Ranran Li, Youzhi Lai, Yumei Zhang, Li Yao, Xia Wu

Abstract

Leukoaraiosis (LA) describes diffuse white matter abnormalities apparent in computed tomography (CT) or magnetic resonance (MR) brain scans. Patients with LA generally show varying degrees of cognitive impairment, which can be classified as cognitively normal (CN), mild cognitive impairment (MCI), and dementia. However, a consistent relationship between the degree of LA and the level of cognitive impairment has not yet been established. We used functional magnetic resonance imaging (fMRI) to explore possible neuroimaging biomarkers for classification of cognitive level in LA. Functional connectivity (FC) between brain regions was calculated using Pearson's correlation coefficient (PCC), maximal information coefficient (MIC), and extended maximal information coefficient (eMIC).
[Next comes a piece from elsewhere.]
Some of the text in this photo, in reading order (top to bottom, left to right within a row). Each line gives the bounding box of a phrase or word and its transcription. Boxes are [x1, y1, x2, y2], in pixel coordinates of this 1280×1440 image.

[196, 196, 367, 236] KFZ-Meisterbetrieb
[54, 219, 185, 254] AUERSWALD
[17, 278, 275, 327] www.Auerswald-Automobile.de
Next, FCs with high discriminative power for different cognitive levels in LA were used as features for classification based on support vector machine. CN and MCI were classified with accuracies of 75.0, 61.9, and 91.1% based on features from PCC, MIC, and eMIC, respectively. MCI and dementia were classified with accuracies of 80.1, 86.2, and 87.4% based on features from PCC, MIC, and eMIC, respectively. CN and dementia were classified with accuracies of 80.1, 89.9, and 94.4% based on features from PCC, MIC, and eMIC, respectively. Our results suggest that features extracted from fMRI were efficient for classification of cognitive impairment level in LA, especially, when features were based on a non-linear method (eMIC).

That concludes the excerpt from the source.